Invention Title:

VIDEO SYNTHESIS VIA MULTIMODAL CONDITIONING

Publication number:

US20250330679

Publication date:
Section:

Electricity

Class:

H04N21/47205

Inventors:

Applicant:

Smart overview of the Invention

The disclosed technology involves a multimodal video generation framework (MMVID) that utilizes both text and images as inputs, either jointly or separately, to create video content. This approach leverages quantized video representations and a bidirectional transformer that processes multiple modalities to predict discrete video outputs. The framework introduces a novel video token trained through self-learning and employs an advanced mask-prediction algorithm, enhancing video quality and consistency. Additionally, text augmentation is used to bolster the robustness of textual inputs and the diversity of generated videos.

Technical Field

The invention pertains to the field of image and video processing, specifically focusing on video synthesis. Traditional methods in this area generate content from noise, aiming for improved resolutions, renderings, and variability in image content.

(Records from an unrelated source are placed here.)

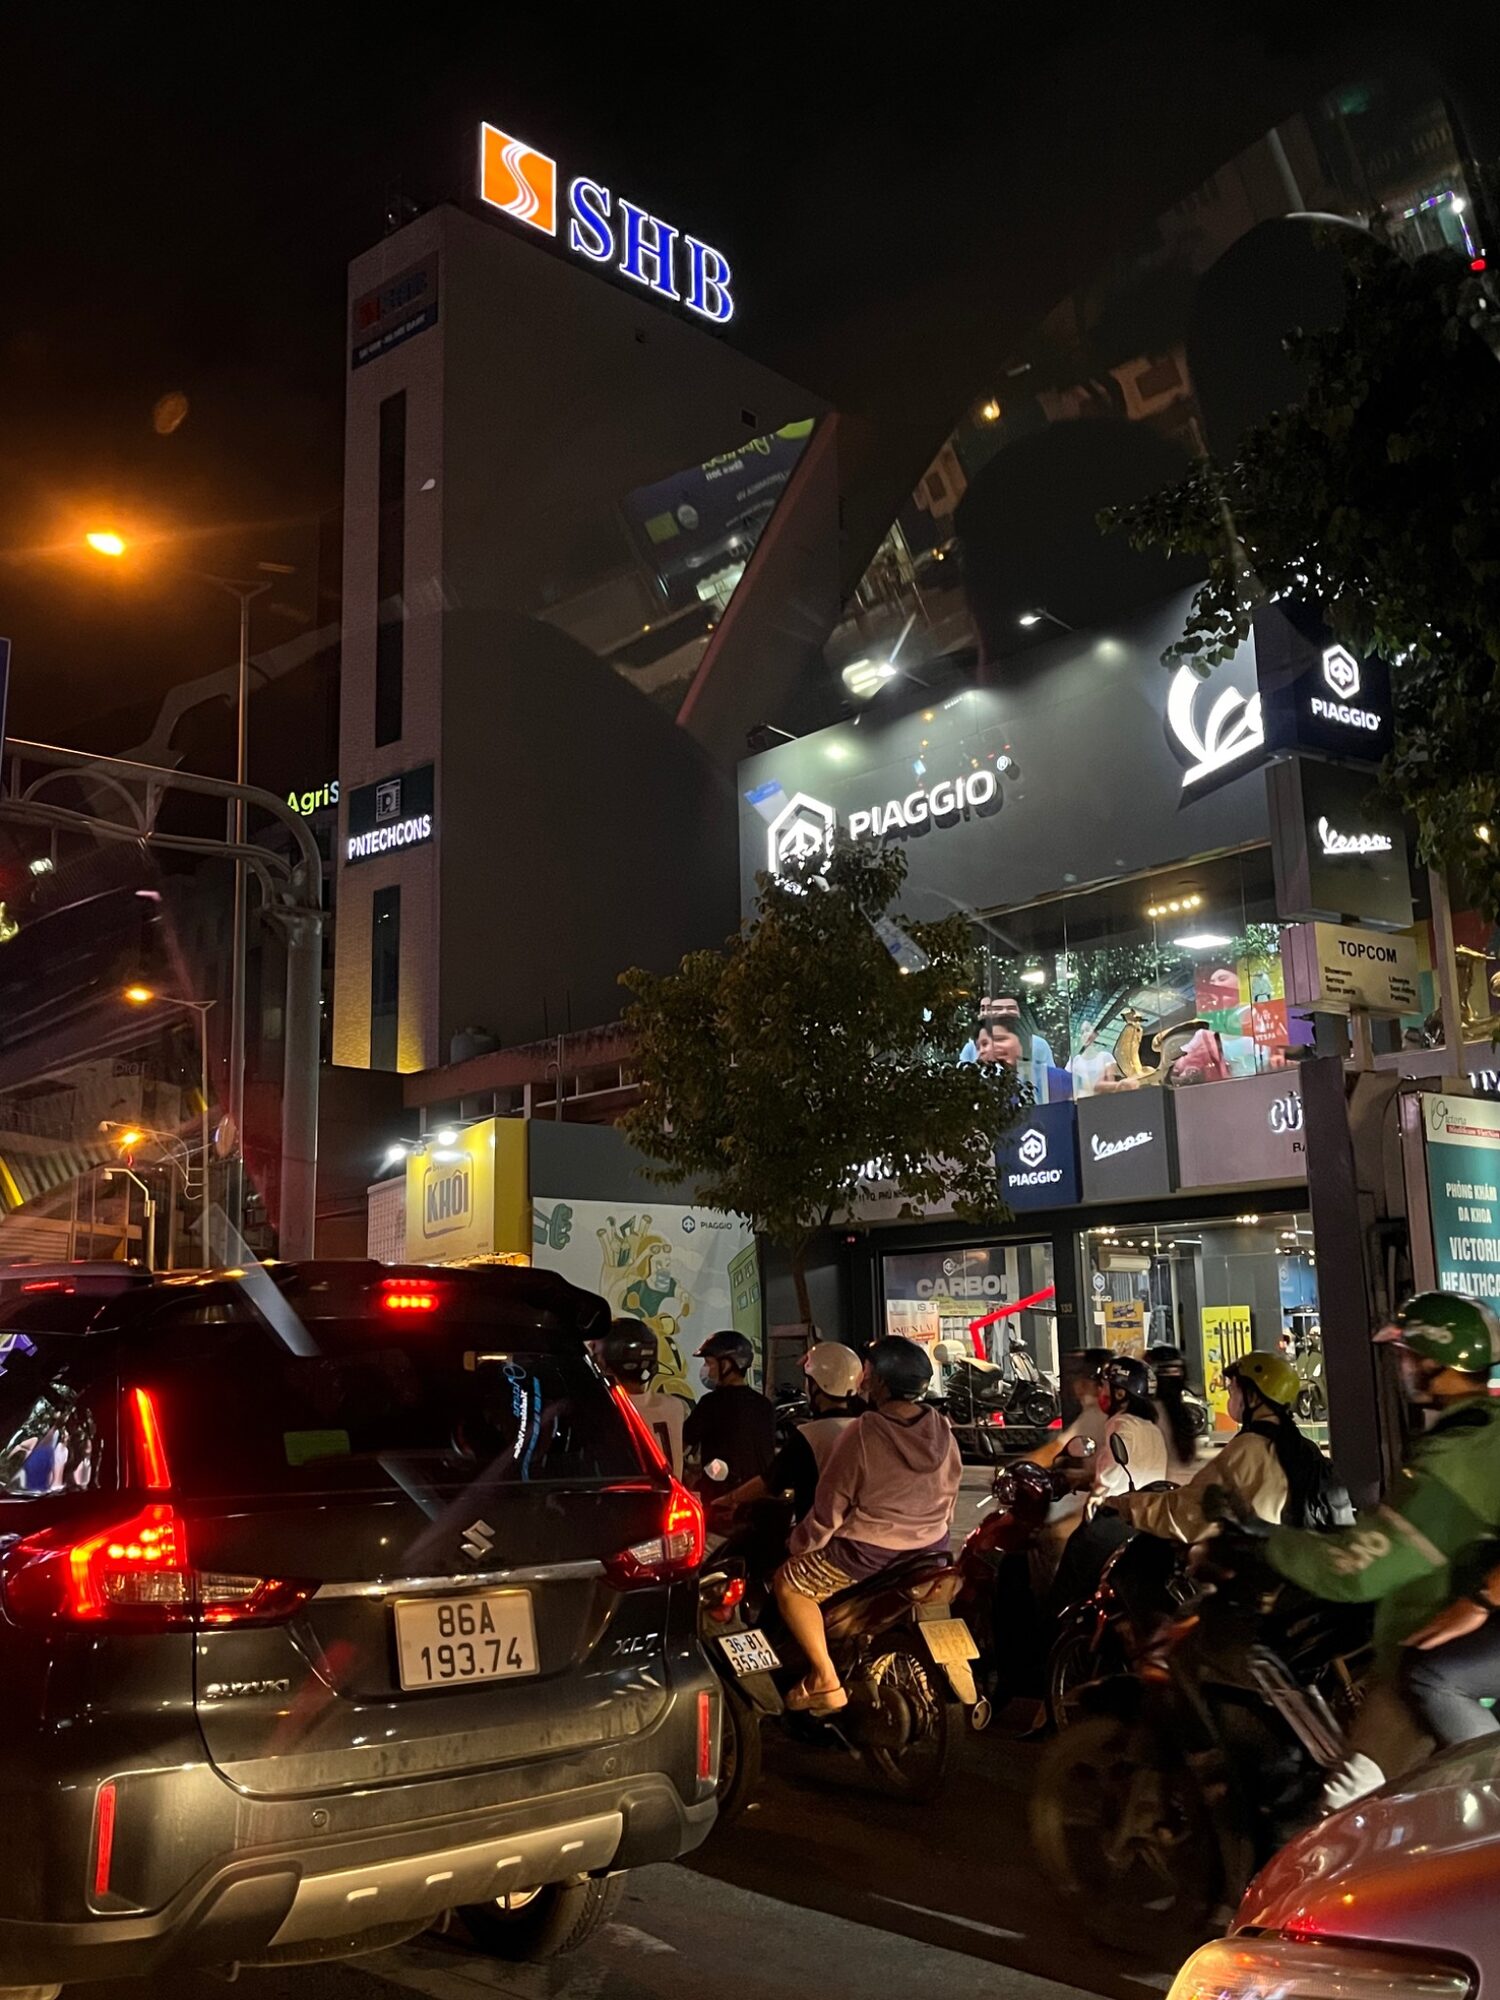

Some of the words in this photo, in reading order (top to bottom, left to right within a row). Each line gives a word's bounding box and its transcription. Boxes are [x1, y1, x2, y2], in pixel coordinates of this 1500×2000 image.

[570, 177, 734, 323] SHB
[1311, 697, 1381, 731] PIAGGIO
[849, 770, 997, 841] PIAGGIO
[348, 814, 431, 860] PNTECHCONS
[1318, 816, 1392, 854] Vespa
[1338, 940, 1397, 963] TOPCOM
[1091, 1131, 1154, 1161] Vespa
[1008, 1169, 1063, 1187] PIAGGIO
[1445, 1180, 1473, 1199] PHÒNG
[1473, 1183, 1498, 1201] KHÁM
[427, 1169, 469, 1223] KHÔI
[700, 1220, 732, 1231] PIAGGIO
[1470, 1207, 1492, 1224] KHOA
[438, 1601, 496, 1637] 86A
[421, 1637, 522, 1680] 193.74
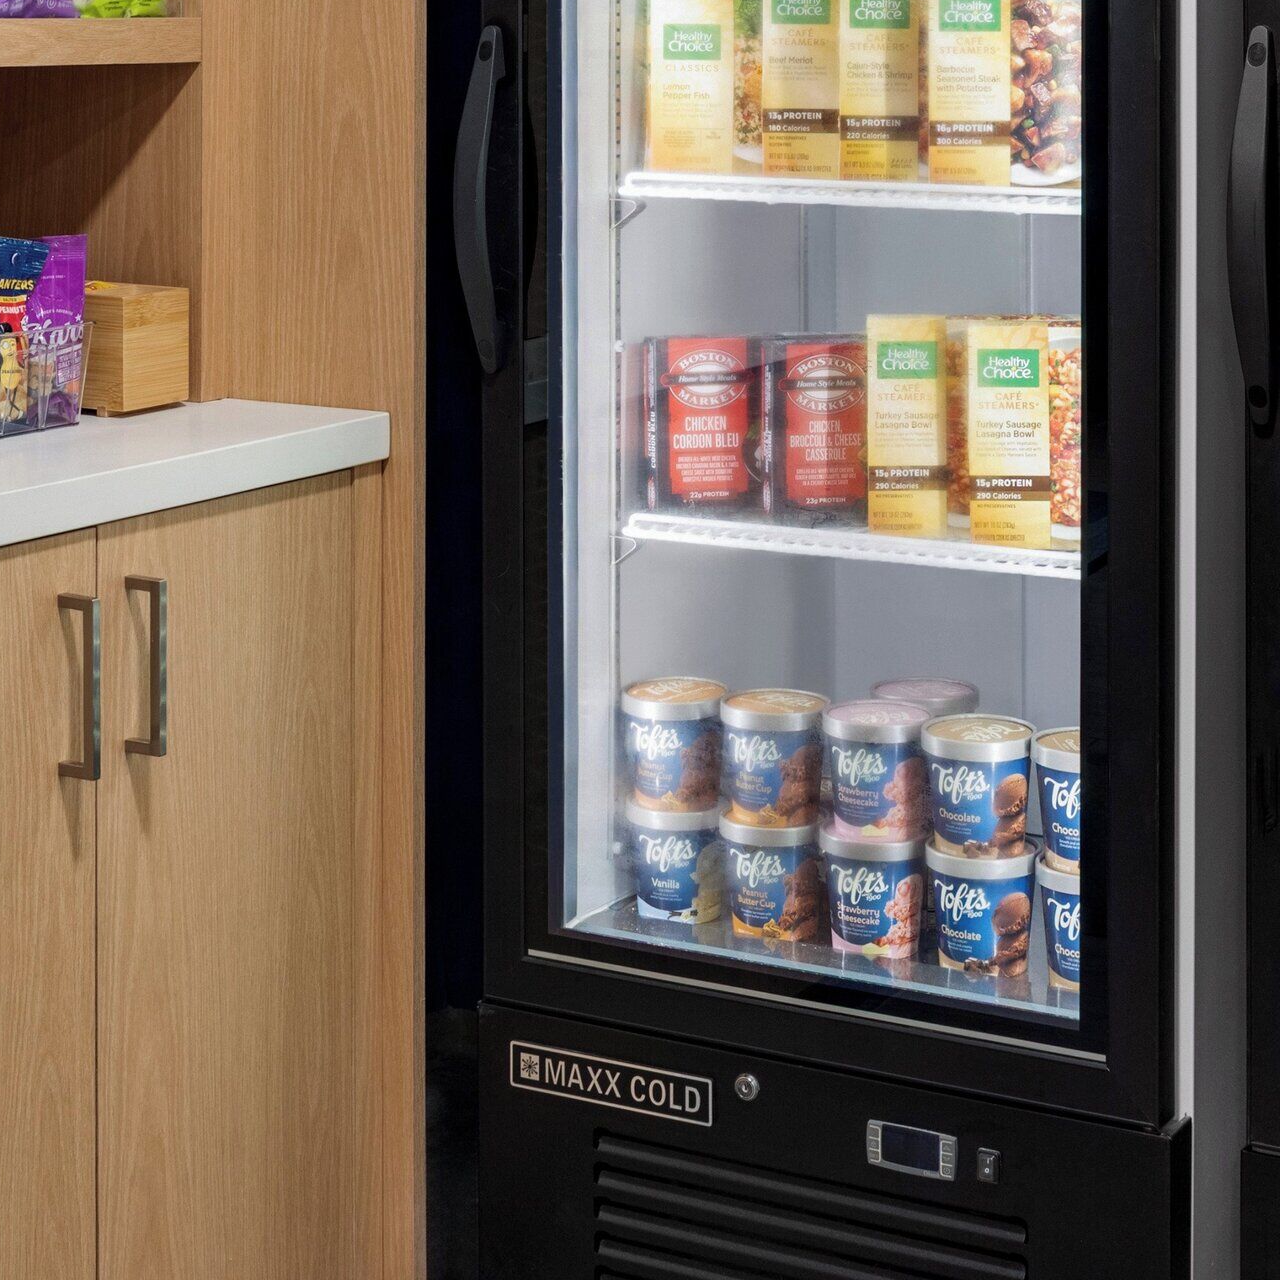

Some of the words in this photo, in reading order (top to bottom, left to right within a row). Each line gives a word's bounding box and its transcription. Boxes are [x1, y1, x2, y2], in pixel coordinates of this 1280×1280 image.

[777, 4, 822, 16] Choice
[951, 0, 992, 12] Healthy
[855, 8, 902, 20] Choice
[944, 11, 993, 23] Choice
[673, 31, 713, 44] Healthy
[668, 40, 713, 53] Choice
[937, 124, 951, 133] 16g
[679, 353, 737, 369] BOSTON
[888, 349, 928, 360] Healthy
[797, 358, 855, 374] BOSTON
[882, 358, 929, 370] Choice
[989, 357, 1030, 368] Healthy
[983, 366, 1032, 379] Choice
[678, 388, 736, 406] MARKET
[796, 395, 855, 411] MARKET
[685, 416, 726, 431] CHICKEN
[875, 413, 902, 421] Turkey
[977, 421, 1003, 430] Turkey
[1006, 421, 1042, 430] Sausage
[673, 434, 712, 448] CORDON
[716, 433, 738, 447] BLEU
[806, 448, 846, 461] CASSEROLE
[631, 722, 682, 756] Toft's
[729, 733, 781, 766] Toft's
[832, 745, 887, 786] Toft's
[932, 765, 988, 804] Toft's
[939, 807, 981, 823] Chocolate
[640, 834, 695, 872] Toft's
[731, 847, 785, 887] Toft's
[831, 866, 888, 906] Toft's
[934, 882, 989, 921] Toft's
[941, 925, 982, 941] Chocolate
[544, 1057, 621, 1099] MAXX
[630, 1075, 701, 1113] COLD

The MMVID framework addresses more complex challenges by integrating multiple modalities—textual and visual—to control the video generation process.

Background

Conventional conditional video generation techniques often rely on a single input modality, limiting flexibility and output quality. The MMVID framework enhances this by incorporating multiple control signals, such as text prompts and visual inputs, within a unified system. This allows for more dynamic video generation, enabling the creation of diverse outputs based on varying textual instructions and visual inputs.

Framework Details

The MMVID framework operates through a two-stage image generation process using discrete feature representations. Initially, an autoencoder quantizes image data to form a foundational representation. Subsequently, model training employs a BERT module to establish correlations between multimodal controls—textual and visual—and the learned video representations. This training involves tasks like Masked Sequence Modeling (MSM), relevance estimation (REL), and video consistency estimation (VID) to ensure the generated videos are coherent with input signals and temporally consistent.

Applications and Benefits

The MMVID framework's ability to integrate diverse input modalities offers significant advantages in generating varied and contextually appropriate videos. It supports applications ranging from creative media production to automated content creation, where different visual elements can be dynamically synthesized based on textual prompts. Experiments conducted on multiple datasets demonstrate the framework's efficacy, including the newly introduced Multimodal VoxCeleb dataset with extensive facial attribute annotations.